BETSY'S HOSPITAL GAMEFAQ

memory / "mnemosyne" is the mother of the muses, there's something strange about that concept now. not creativity or inspiration or even the imp of the perverse: instead this other process, which we're tempted to regard as a secondary one, the proxy or mirror of experience or history. memory in an oral culture is the basis of transference, reproduction - when those functions are outsourced to the mechanical our notion of memory becomes more abstract and strange. it begins to register instead as a distortion, or an unexpected surplus, a complicating texture outside the range of whatever information we can capture.

the metaphor of a computer's "memory" connects them to a longer tradition of memory machines, memory palaces - carefully constructed imaginary buildings, acting as warehouses for charged and emblematic objects which in turn could summon some piece of information. frances yates claims dante as drawing upon this technique, that of "striking images on orders of places". victoria nelson, citing erik davis, points out that computer games tend to be structured the same way. meandering voyages across carefully demarcated terrains, filled with strange portents and entities. we may never fully understand the allegorical cosmos of Doki Doki Panic - composed of birds, masks, and vegetables - but that itself is part of the appeal. if a computer is a reference system then computer games are an aestheticized outgrowth of that reference system, similar in shape but not in function, like an encyclopaedia overgrown with lichen.

lilith's games can feel like wandering through alien memory palaces, universes made up of charged fragments, talismanic objects whose purpose remains unknown. dimly familiar pieces of affect - of a mall at closing time, a hotel basement - are built up and extended into new and abstract realms. it can be funny and goofy to wander around some vast and bewildering space that feels like a cathedral crossed with a laser tag center and stumble across weird toys and games. but there's often a melancholy feeling to it, as well - the environments in these games are dense, noisy, overgrown, but your own presence is often that of a weightless ghost. it's as though the vitality stored in these worlds has somehow been stolen from the player, who can only rediscover it at a remove, by examining these strange external forms.

in betsy's hospital the game world is almost too dense to take in - the bumpmap textures, shelves filled with tiny toys, cabinets that open to hint at inaccessible dioramas. you can look out the window and see 3d spaces that you cannot reach, you can place VHS tapes into a machine and watch found footage videos of other people's vacations, mostly long handheld camera takes, the camera blindly and perpetually flickering across details you can't quite make out. there's no indication of when these videos might end, so you swap the tapes in and out and then go back to moving around. there's a guiltily awareness you might be missing something important - some mysterious moment of insight or clarity buried deep inside an endless, slow recording of a forgotten theme park circa 2007.

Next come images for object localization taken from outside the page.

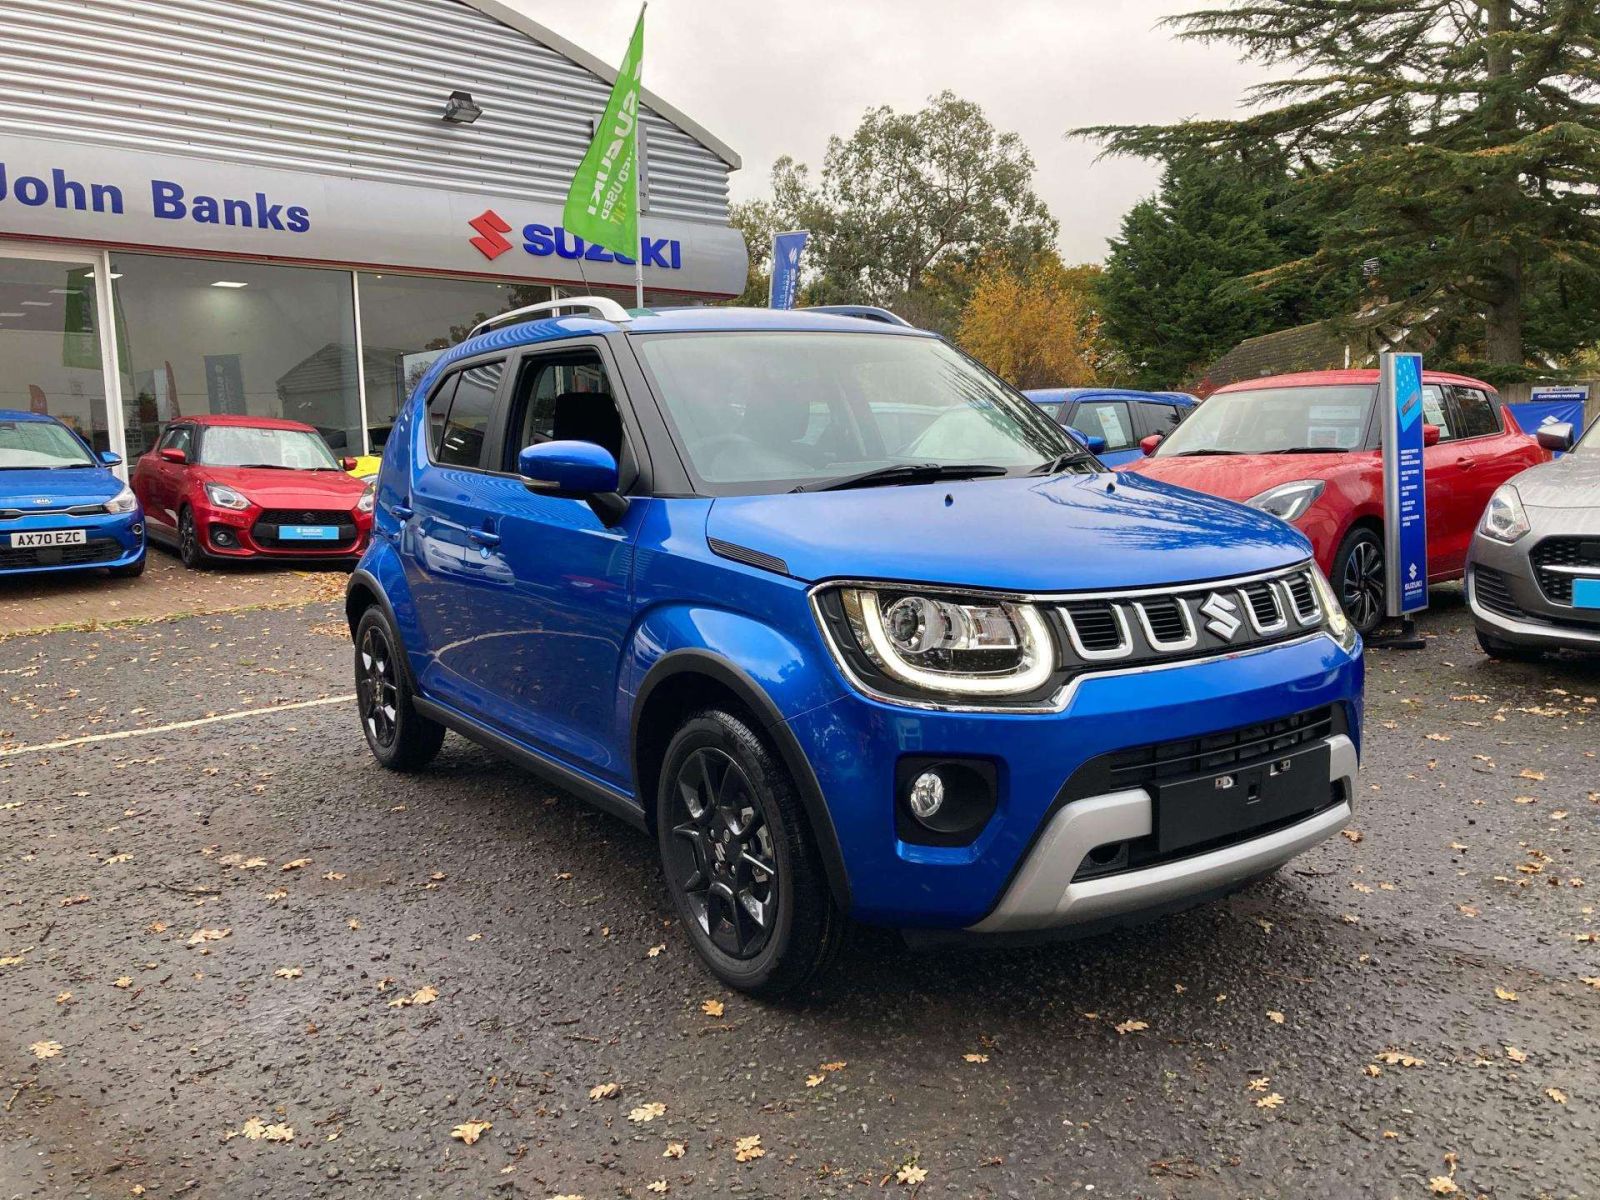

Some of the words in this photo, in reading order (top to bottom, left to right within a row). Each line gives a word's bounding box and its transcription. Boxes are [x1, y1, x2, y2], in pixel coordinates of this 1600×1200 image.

[151, 179, 311, 233] Banks
[522, 223, 681, 269] SUKI
[18, 534, 52, 546] AX70
[55, 532, 81, 543] EZC
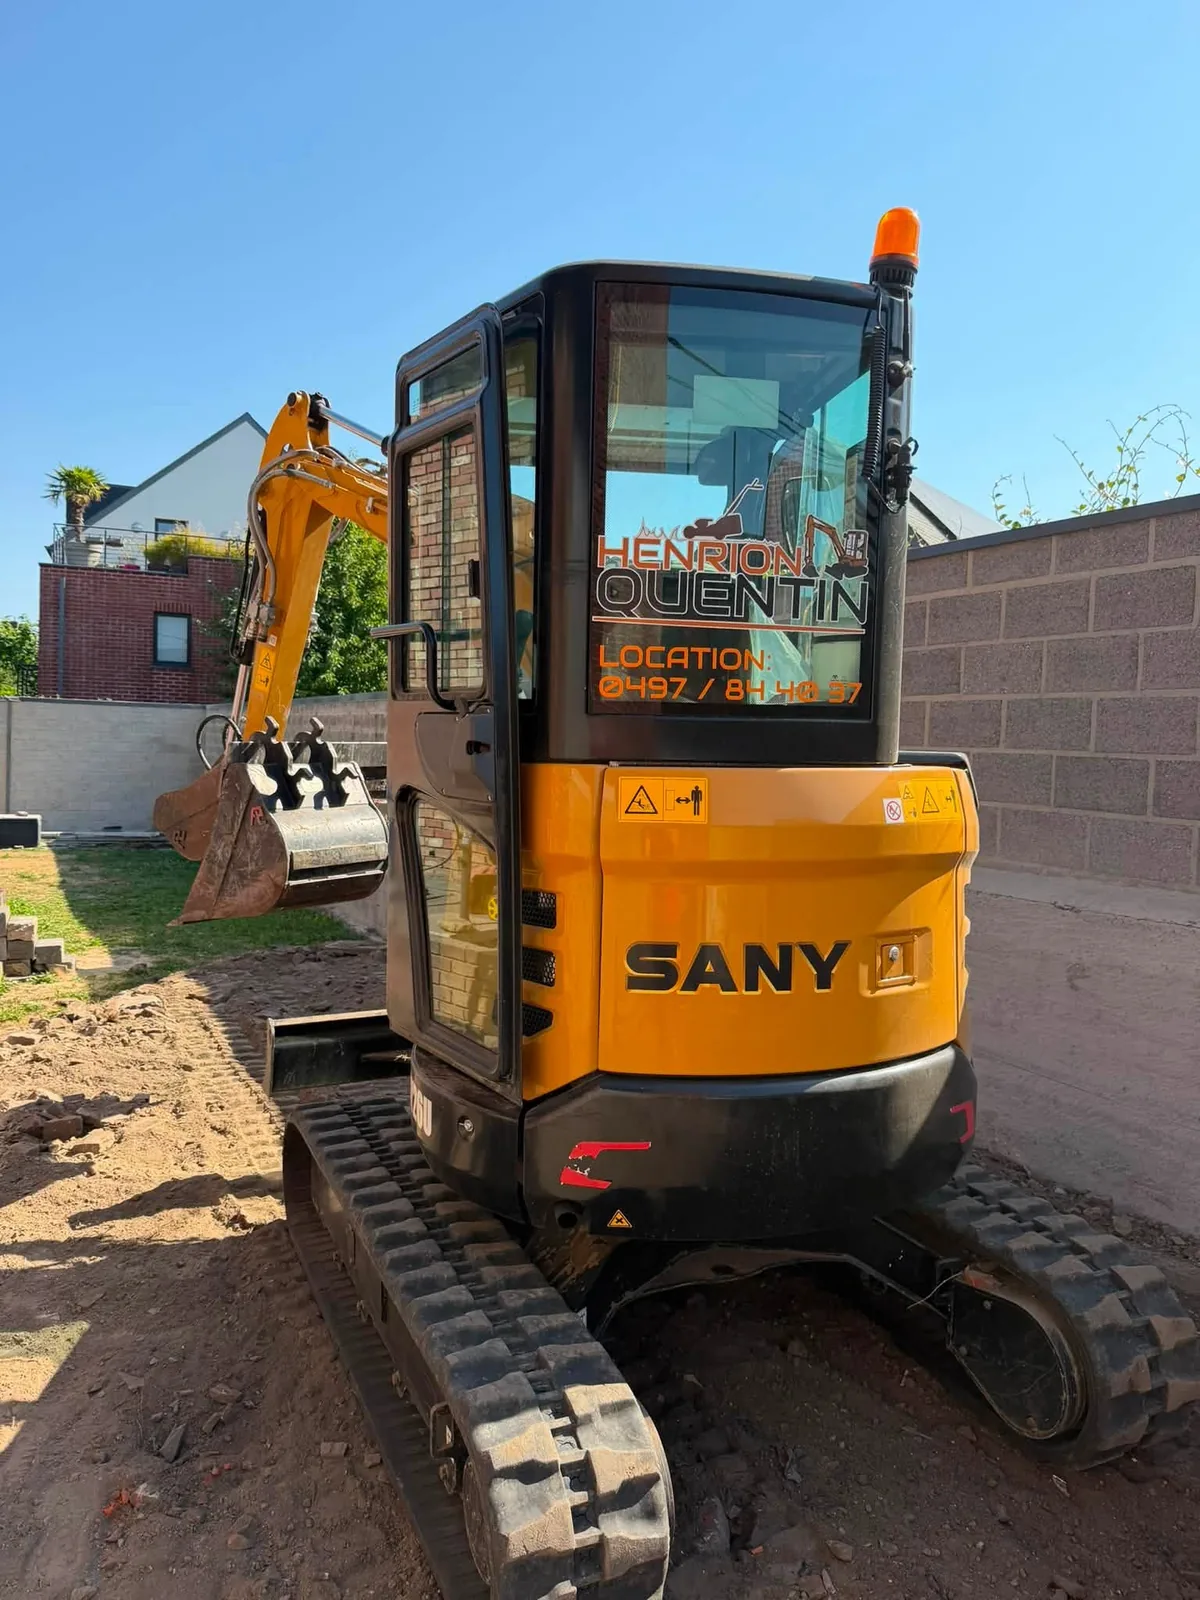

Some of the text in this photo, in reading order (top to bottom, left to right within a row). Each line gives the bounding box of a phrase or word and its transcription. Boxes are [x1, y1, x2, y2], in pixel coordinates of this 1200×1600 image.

[597, 535, 801, 577] HENRION
[596, 567, 869, 625] QUENTIN
[599, 644, 772, 671] LOCATION:
[599, 675, 688, 700] 0497
[725, 678, 765, 701] 84
[828, 681, 862, 704] 37
[624, 940, 852, 995] SANY
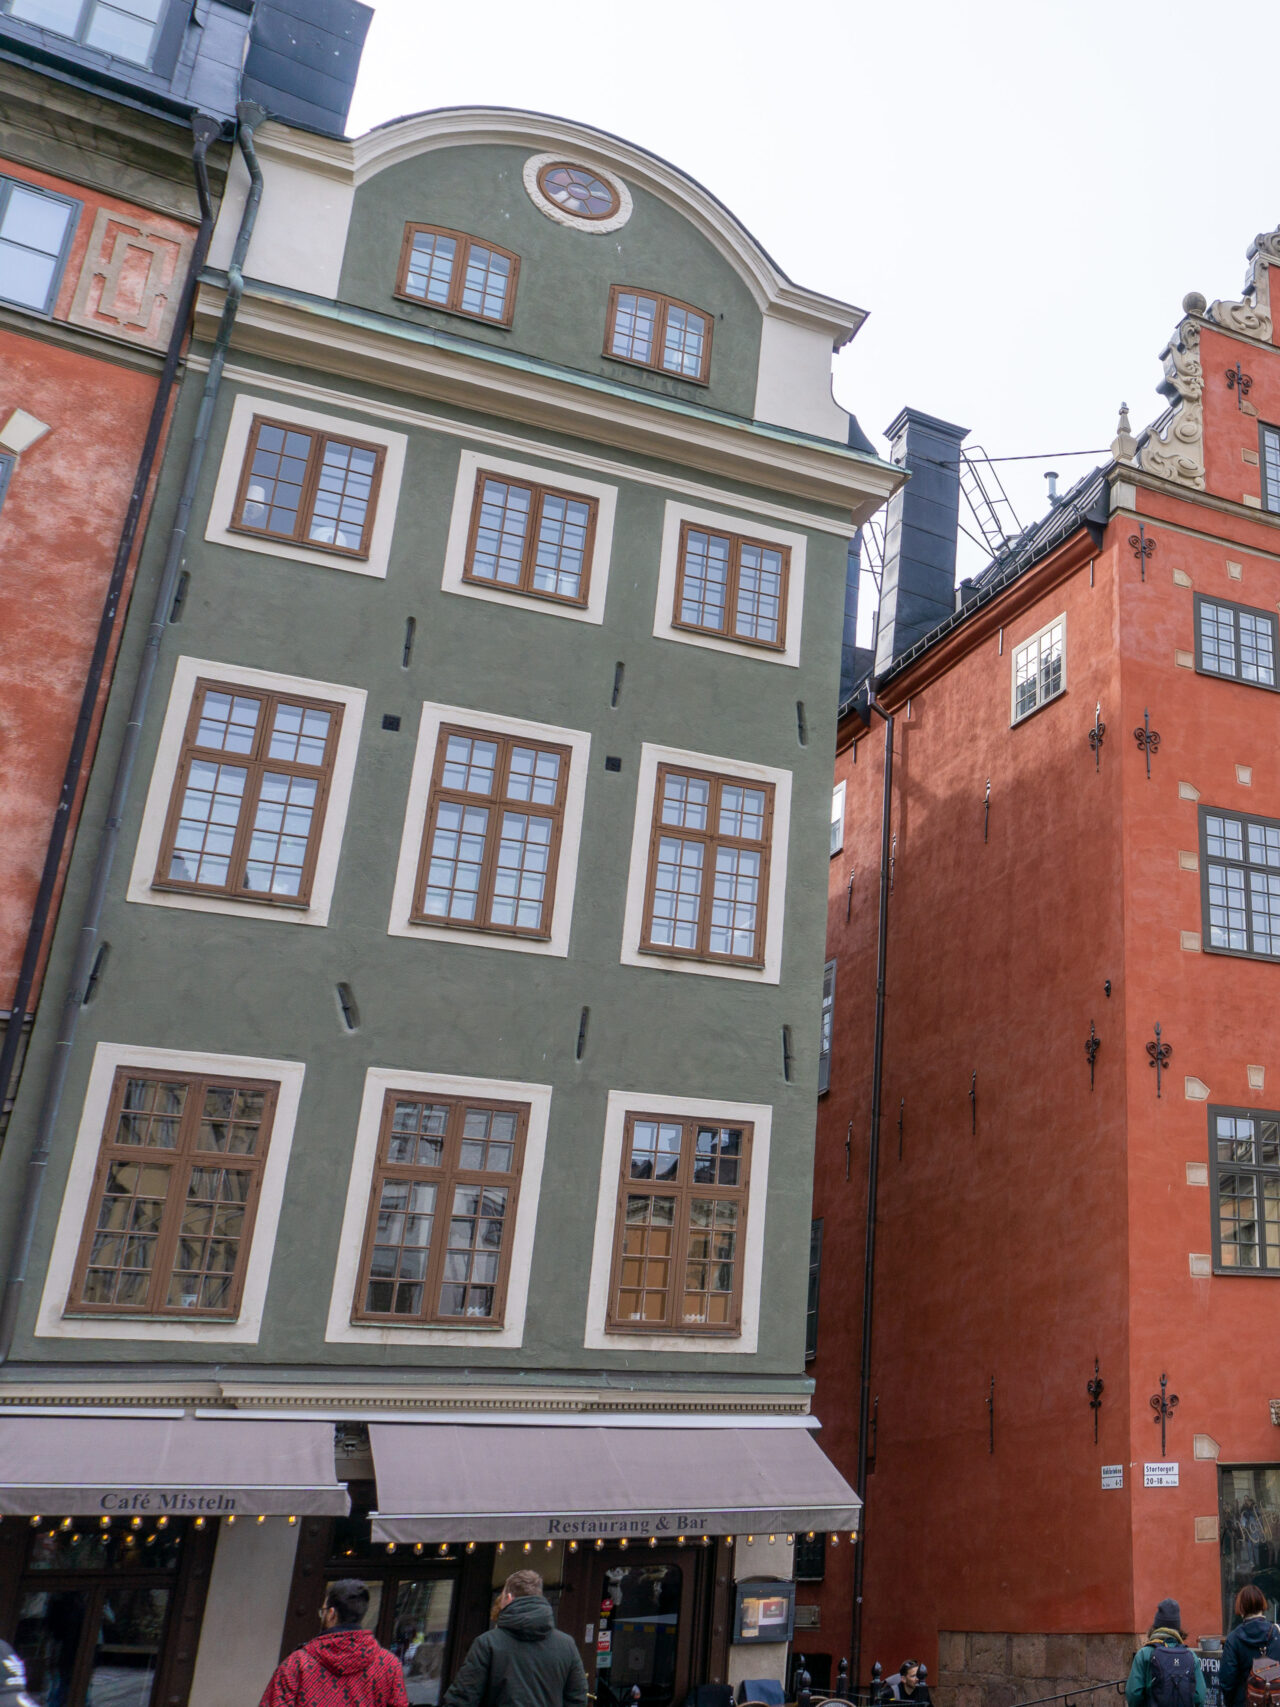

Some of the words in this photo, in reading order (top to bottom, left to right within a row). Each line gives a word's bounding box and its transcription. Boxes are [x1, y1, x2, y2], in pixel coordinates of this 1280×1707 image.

[1146, 1465, 1174, 1474] Stortorget
[100, 1493, 151, 1510] Café
[158, 1493, 236, 1510] Misteln
[547, 1518, 650, 1535] Restaurang
[655, 1516, 670, 1531] &
[677, 1515, 708, 1530] Bar
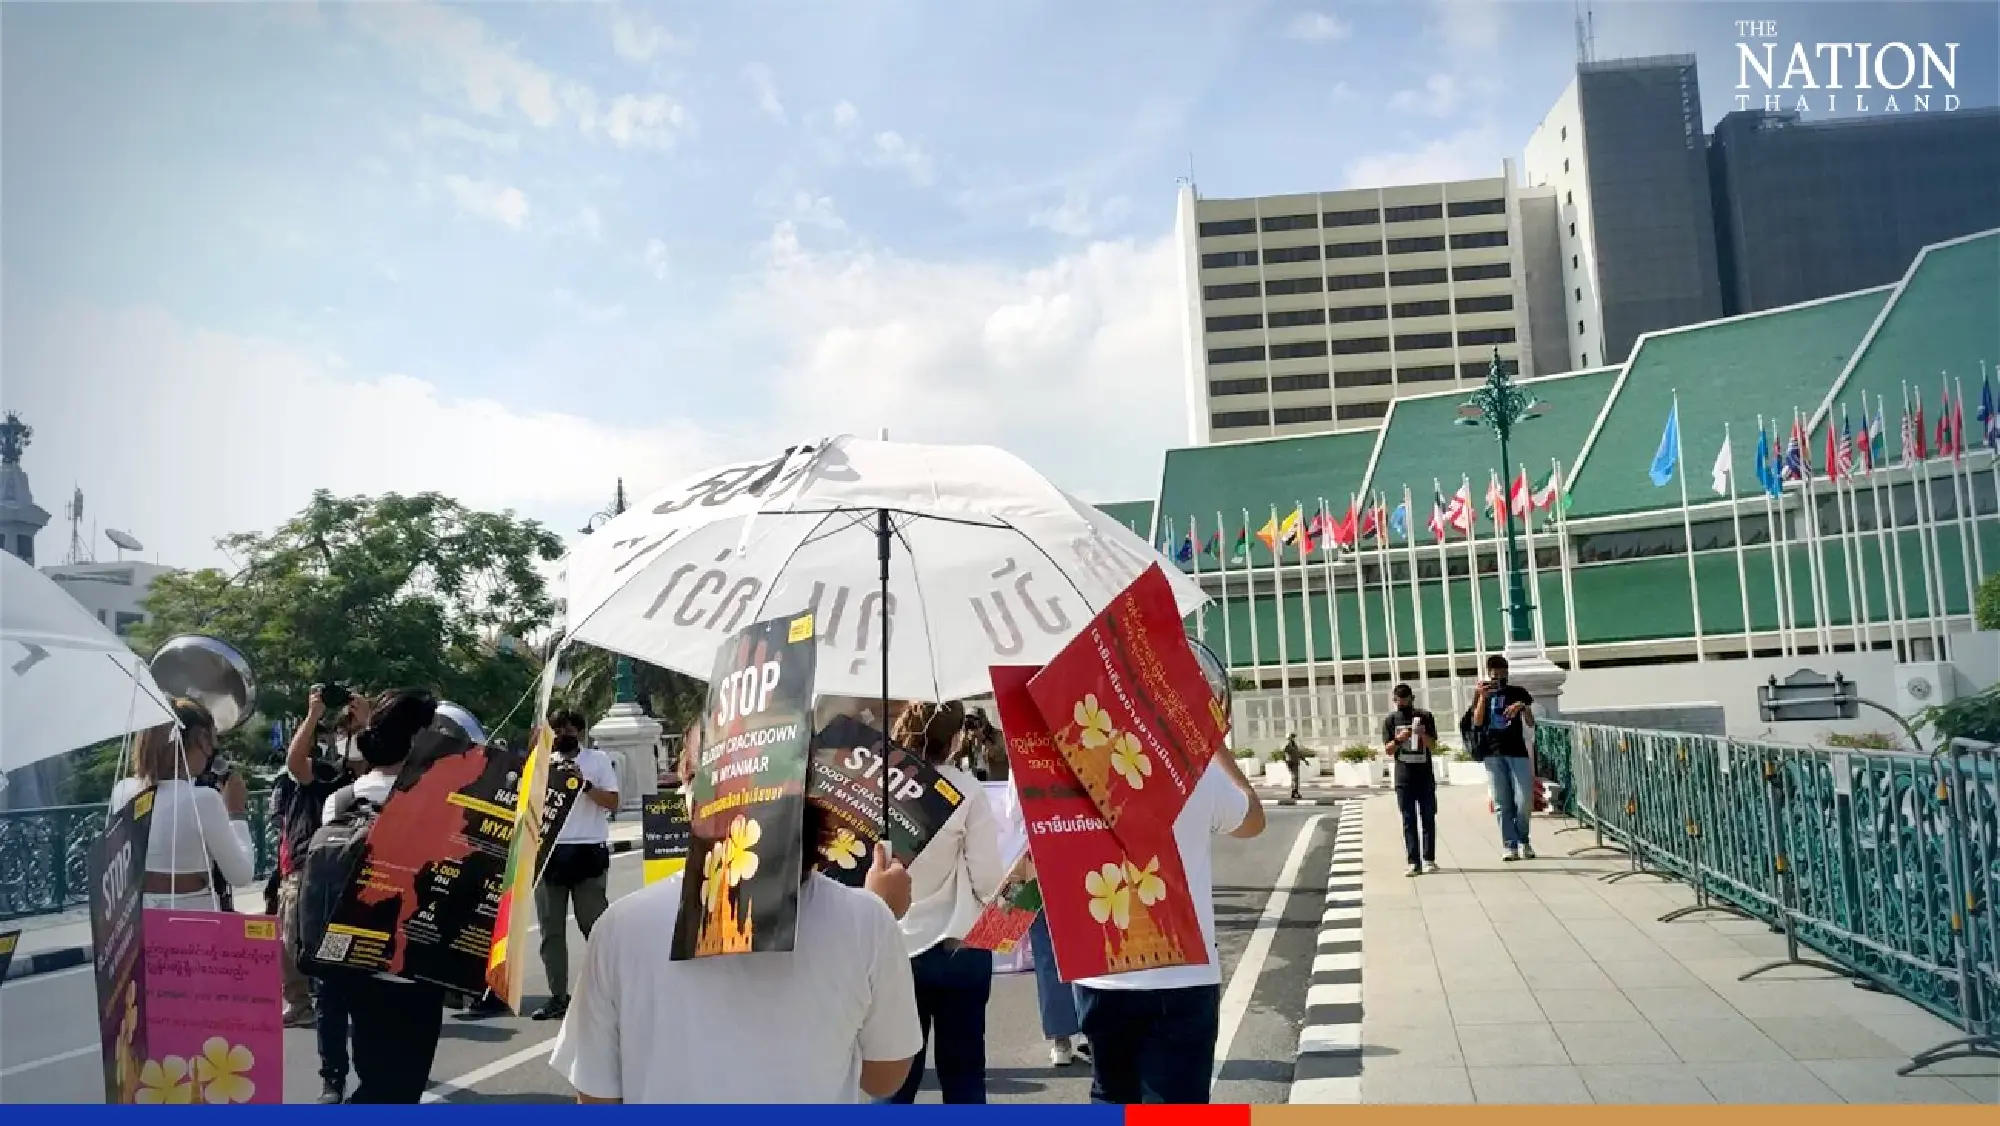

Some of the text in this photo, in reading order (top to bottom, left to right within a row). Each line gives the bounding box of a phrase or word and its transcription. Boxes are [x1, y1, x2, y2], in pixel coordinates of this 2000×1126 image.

playing a computer game can be a strangely unmemorable activity - move here, move there, eat the cherries, etc. we keep track of a kind of vague gestalt impression of what's going on but it's hard to remember exactly what we've just been doing or why, in part because the game keeps track of that for us. in many of lilith's games this perpetual present is placed against a frozen and inscrutable memory world, and part of their power comes from playing with the back and forth between the two forces. the memories that are closest to us are also the most alien, most disconnected from any original significance or meaning. closest to the strange self-certainty of a found toy.